* DATA EXTRACT:
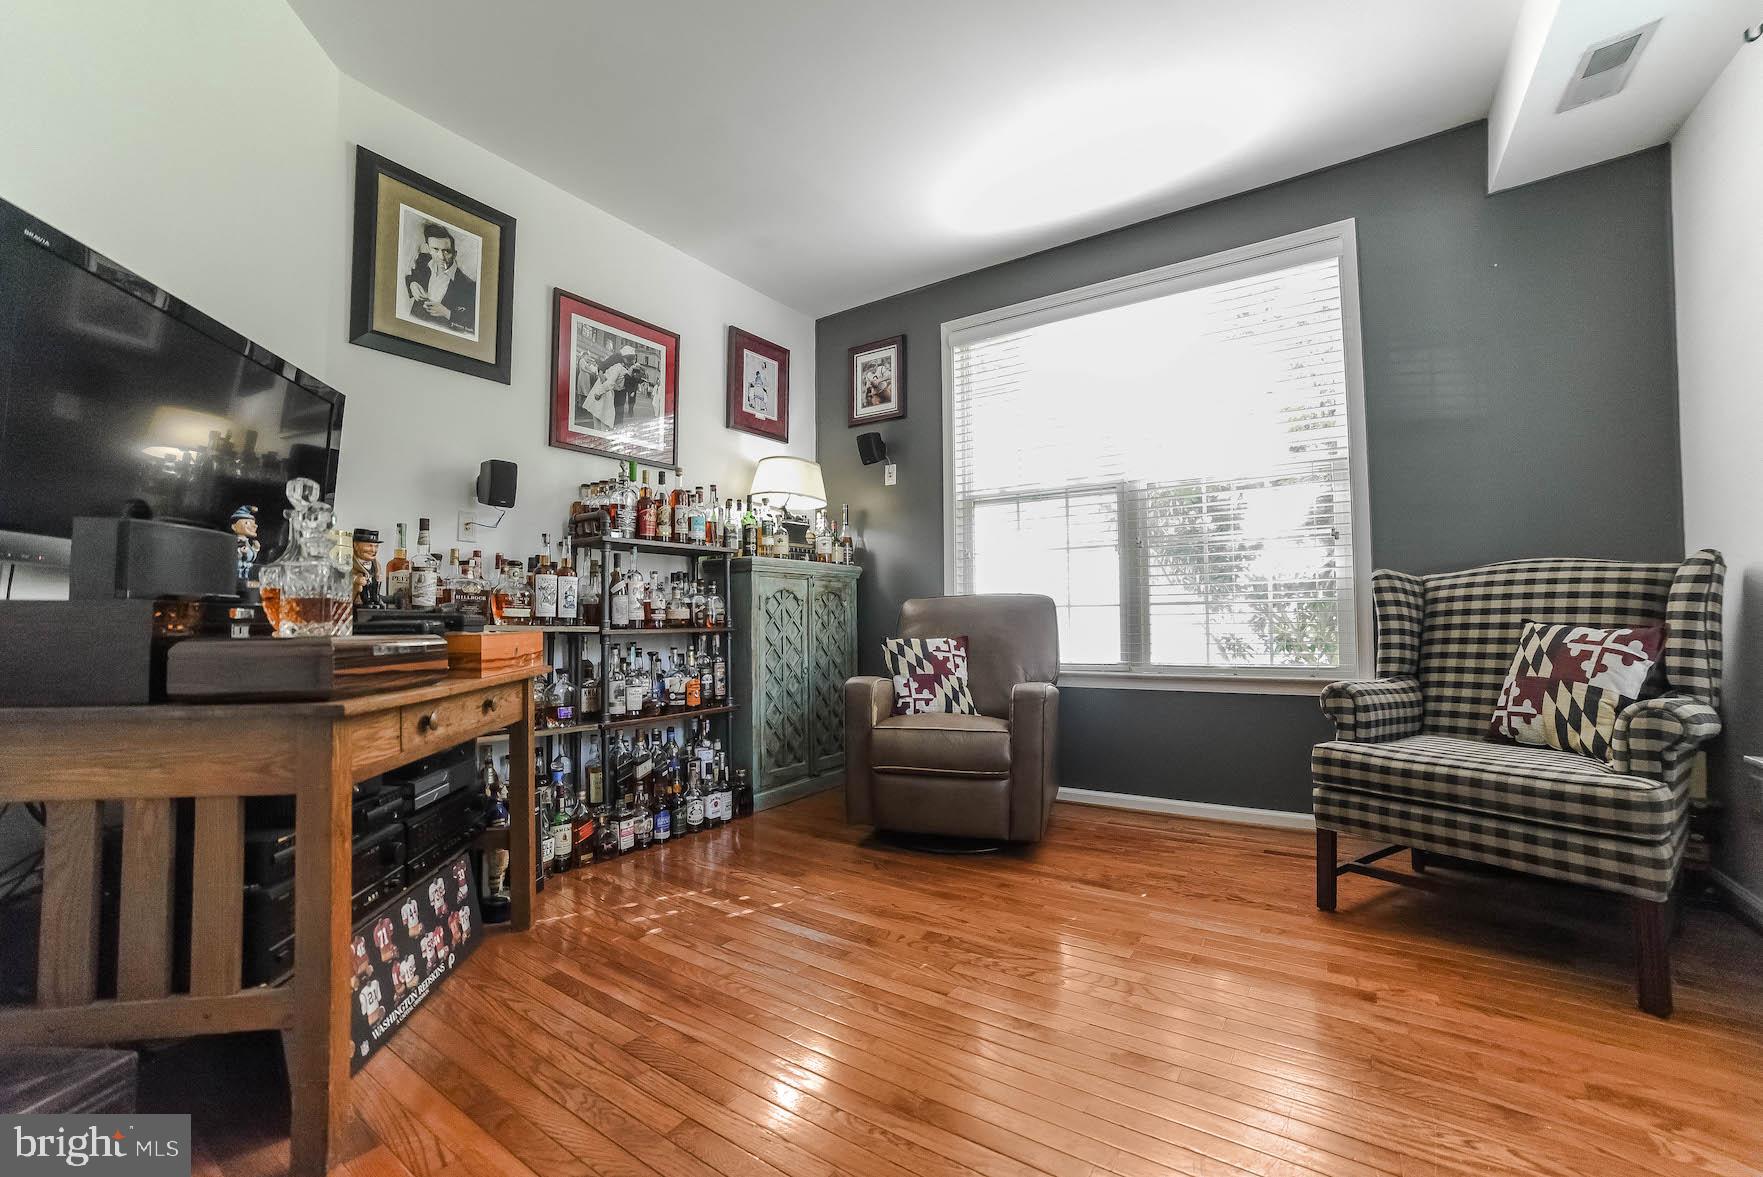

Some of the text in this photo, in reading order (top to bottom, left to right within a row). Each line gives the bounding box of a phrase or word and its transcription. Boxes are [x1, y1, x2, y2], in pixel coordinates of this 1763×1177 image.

[377, 927, 389, 949] 71
[368, 988, 379, 1006] 21
[371, 990, 419, 1040] WASHINGTON
[417, 962, 446, 996] REDSKINS
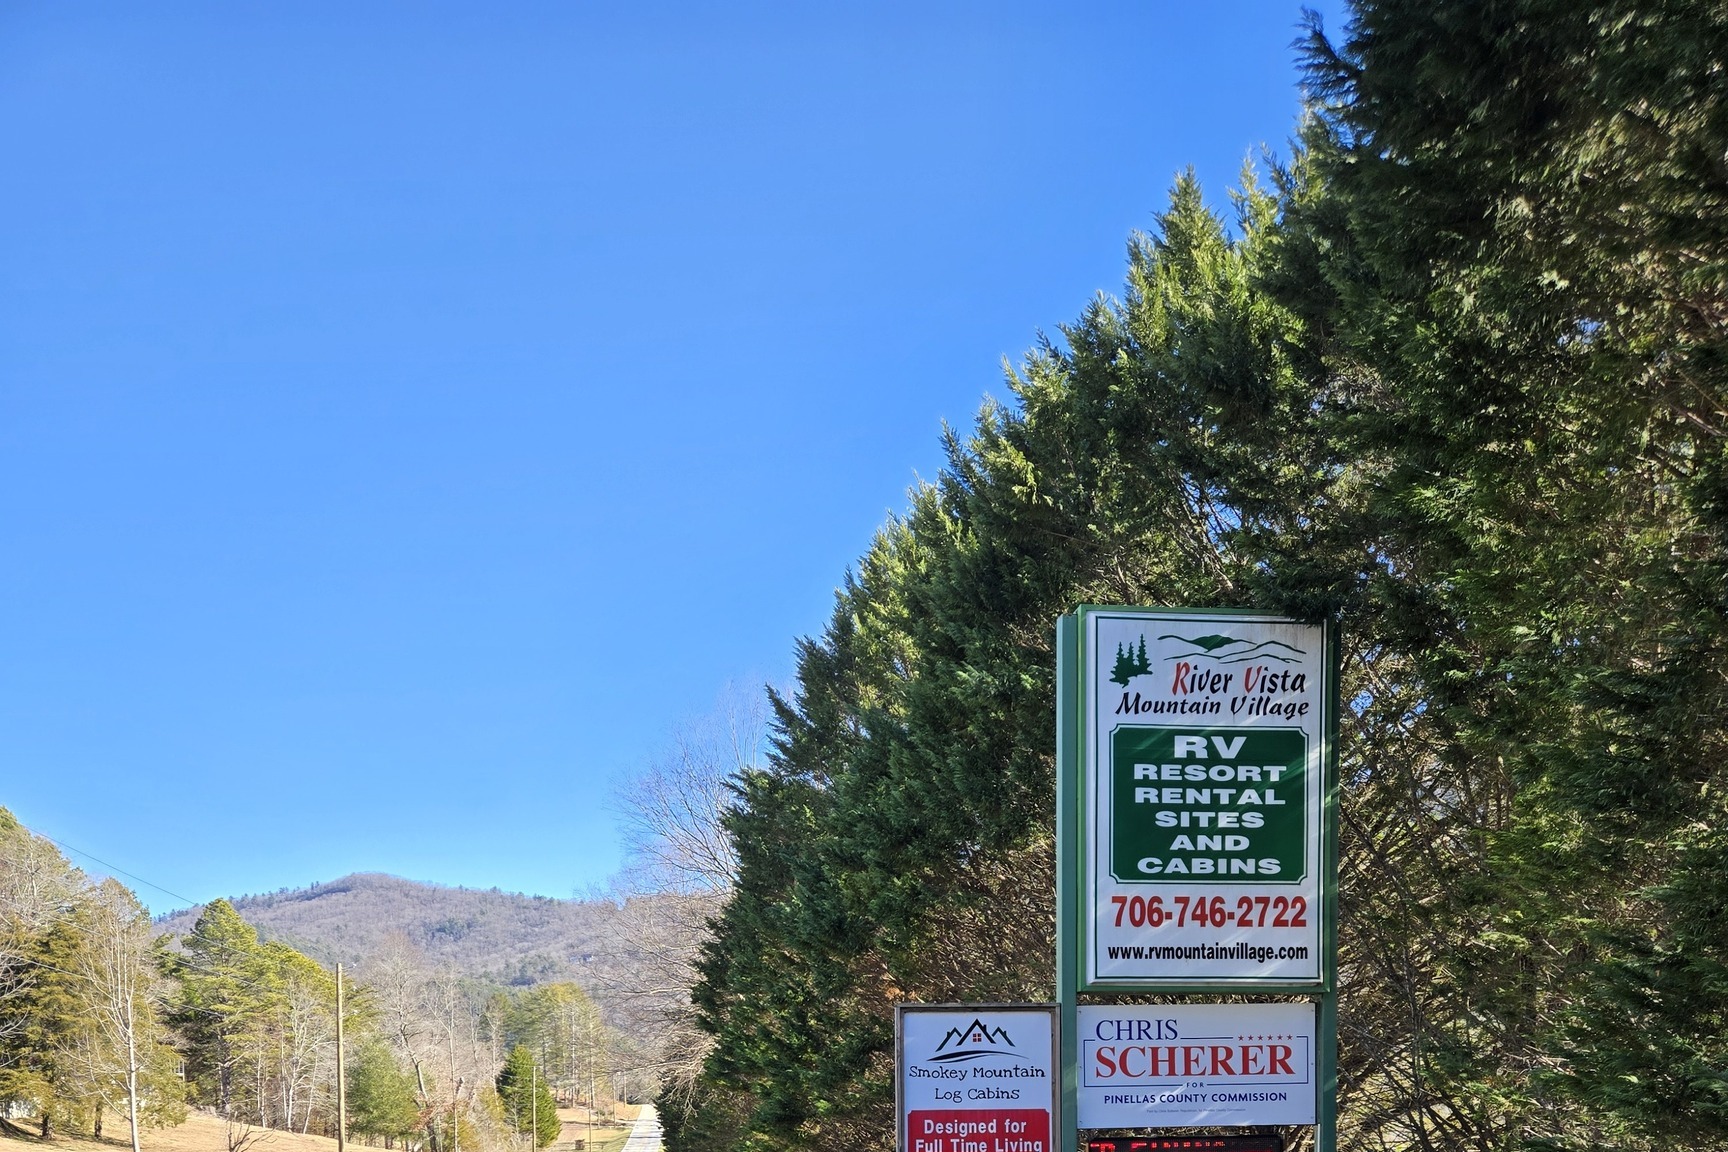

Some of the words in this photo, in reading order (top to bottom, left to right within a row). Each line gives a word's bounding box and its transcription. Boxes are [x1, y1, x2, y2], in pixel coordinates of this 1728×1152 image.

[1172, 661, 1232, 695] River
[1244, 665, 1306, 694] Vista
[1115, 691, 1221, 715] Mountain
[1231, 695, 1309, 721] Village
[1174, 735, 1247, 759] RV
[1133, 764, 1287, 782] RESORT
[1135, 787, 1286, 805] RENTAL
[1155, 811, 1265, 828] SITES
[1169, 835, 1250, 851] AND
[1137, 857, 1282, 875] CABINS
[1111, 896, 1307, 928] 706-746-2722
[1108, 942, 1308, 963] www.rvmountainvillage.com
[1096, 1019, 1178, 1041] CHRIS
[1096, 1044, 1296, 1079] SCHERER
[908, 1066, 968, 1081] Smokey
[972, 1064, 1046, 1078] Mountain
[934, 1088, 963, 1103] Log
[967, 1087, 1020, 1100] Cabins
[1104, 1094, 1156, 1104] PINELLAS
[1159, 1093, 1208, 1103] COUNTY
[1211, 1092, 1287, 1102] COMMISSION
[924, 1119, 997, 1137] Designed
[1004, 1119, 1027, 1134] for
[950, 1138, 988, 1152] Time
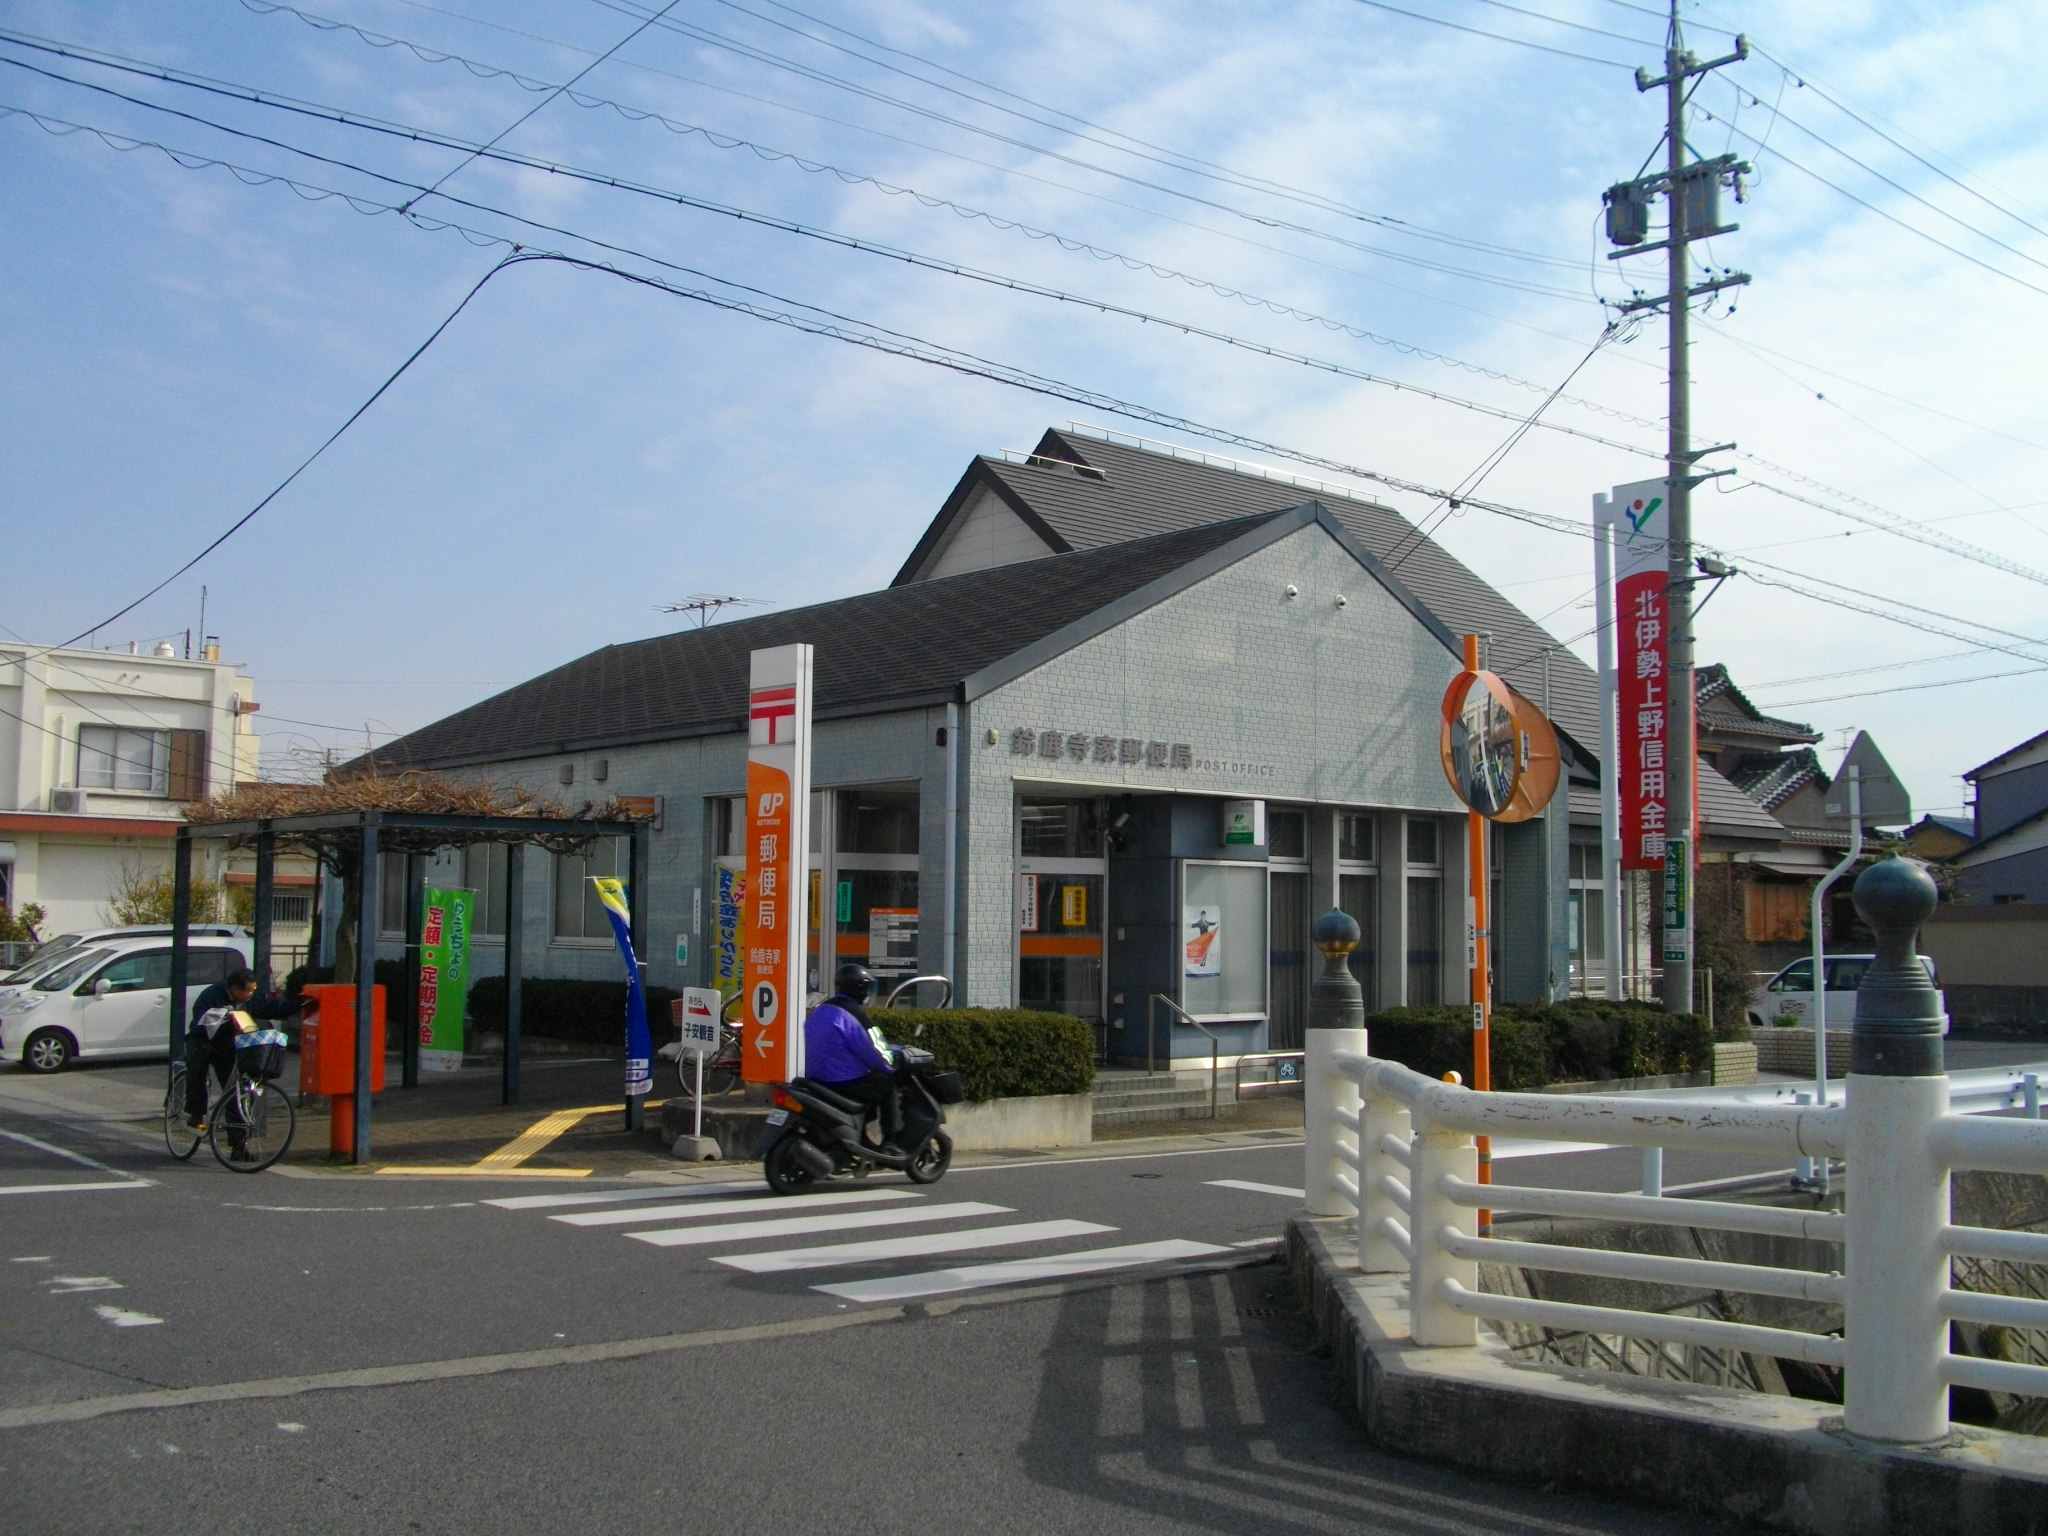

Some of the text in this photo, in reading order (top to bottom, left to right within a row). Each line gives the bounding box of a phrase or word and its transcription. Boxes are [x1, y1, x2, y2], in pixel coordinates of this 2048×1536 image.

* TASK: Transcribe the records above exactly, excluding every picture.

* TASK RESPONSE:
Some of the text in this photo, in reading order (top to bottom, left to right within a row). Each line gives the bounding box of a phrase or word and its transcription. Boxes are [x1, y1, x2, y2], in pixel coordinates of this 1763×1177 image.

[377, 927, 389, 949] 71
[368, 988, 379, 1006] 21
[371, 990, 419, 1040] WASHINGTON
[417, 962, 446, 996] REDSKINS

Some of the words in this photo, in reading order (top to bottom, left to right within a row). Each line gives a word's bounding box and its transcription. Boxes are [x1, y1, x2, y2], in pixel coordinates of this 1728×1152 image.

[1172, 661, 1232, 695] River
[1244, 665, 1306, 694] Vista
[1115, 691, 1221, 715] Mountain
[1231, 695, 1309, 721] Village
[1174, 735, 1247, 759] RV
[1133, 764, 1287, 782] RESORT
[1135, 787, 1286, 805] RENTAL
[1155, 811, 1265, 828] SITES
[1169, 835, 1250, 851] AND
[1137, 857, 1282, 875] CABINS
[1111, 896, 1307, 928] 706-746-2722
[1108, 942, 1308, 963] www.rvmountainvillage.com
[1096, 1019, 1178, 1041] CHRIS
[1096, 1044, 1296, 1079] SCHERER
[908, 1066, 968, 1081] Smokey
[972, 1064, 1046, 1078] Mountain
[934, 1088, 963, 1103] Log
[967, 1087, 1020, 1100] Cabins
[1104, 1094, 1156, 1104] PINELLAS
[1159, 1093, 1208, 1103] COUNTY
[1211, 1092, 1287, 1102] COMMISSION
[924, 1119, 997, 1137] Designed
[1004, 1119, 1027, 1134] for
[950, 1138, 988, 1152] Time

Some of the text in this photo, in reading order (top to bottom, left to right within a row). Each line gives the bounding box of a phrase or word and its transcription. Boxes are [x1, y1, x2, y2], in pixel coordinates of this 2048×1536 image.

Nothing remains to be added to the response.